Upon closer inspection, it becomes clear that many of the images are not real: a lab scene of scientists looking like alien blobs. Another rendering shows a woman wearing a pin with illegible writing pinned to her cardigan. Similar markings also appear in images of warning tape on construction sites. Faure’s campaign also used a composite portrait of a seated woman with two arms folded and a third arm touching her chin.

Other candidates dig this photo for laughs in a debate This month: “We’re actually using real photos,” says Josh Matlow, who shows a photo of his family, adding that “nobody in our photo has three arms.”

Still, the sloppy renderings were used to amplify Mr Faure’s arguments. He gained enough momentum to become one of the biggest names in an election with more than 100 candidates.
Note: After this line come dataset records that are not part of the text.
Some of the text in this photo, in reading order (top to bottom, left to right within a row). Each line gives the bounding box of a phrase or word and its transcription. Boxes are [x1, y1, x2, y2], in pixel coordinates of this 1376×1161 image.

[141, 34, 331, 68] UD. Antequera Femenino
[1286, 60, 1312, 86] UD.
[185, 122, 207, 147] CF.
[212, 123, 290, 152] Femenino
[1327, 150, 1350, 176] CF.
During the same debate, he admitted to using the technology in his campaign, adding “as we continue to learn more about artificial intelligence, we’re going to have a good laugh here”

Political experts worry that artificial intelligence, if misused, could have a corrosive effect on the democratic process. Misinformation is an ongoing risk; one of Furey’s competitors said in a debate that while her staff uses ChatGPT, they always fact-check its output.

Darrell M. West, a senior fellow at the Brookings Institution, wrote: “If someone is able to create noise, create uncertainty, or fabricate a false narrative, it can be a way to influence voters and win elections. effective way.” in a report last month. “With the 2024 presidential election likely to involve tens of thousands of voters in several states, anything that can push people in one direction or another could end up being decisive.”

Ben Colman, CEO of Reality Defender, which provides artificial intelligence detection services, said that increasingly complex artificial intelligence content is appearing more and more frequently on social networks, and social networks are basically unwilling or unable to detect it. To regulate. “Irreversible damage” will be done until the problem is fixed, he said.

“It’s too little, too late to explain to millions of users after the fact that what they’ve seen and shared was fake,” Mr Coleman said.

For a few days this month, Twitch Live A non-stop, insecure work debate ensued between a synthetic version of Mr. Biden and Mr. Trump. Disinformation experts say both are clearly identified as simulated “artificial intelligence entities”, but if an organized political campaign creates such content and distributes it widely without any disclosure, it could easily degrade authentic material the value of.

Politicians can shrug off responsibility by claiming that real footage of compromising behavior isn’t real, a phenomenon known as the liar’s dividend. Ordinary citizens can create fakes themselves, while others can plunge themselves even deeper into a polarizing information bubble, trusting only the sources they choose to believe.

“If people can’t believe their eyes and ears, they might just say, ‘Who knew?'” Josh A. Goldstein, a research fellow at Georgetown University’s Center for Security and Emerging Technologies, wrote in an email. . “This may facilitate a shift from a healthy skepticism that encourages good habits, such as lateral reading and seeking out reliable sources, to an unhealthy skepticism where it is impossible to know the truth.”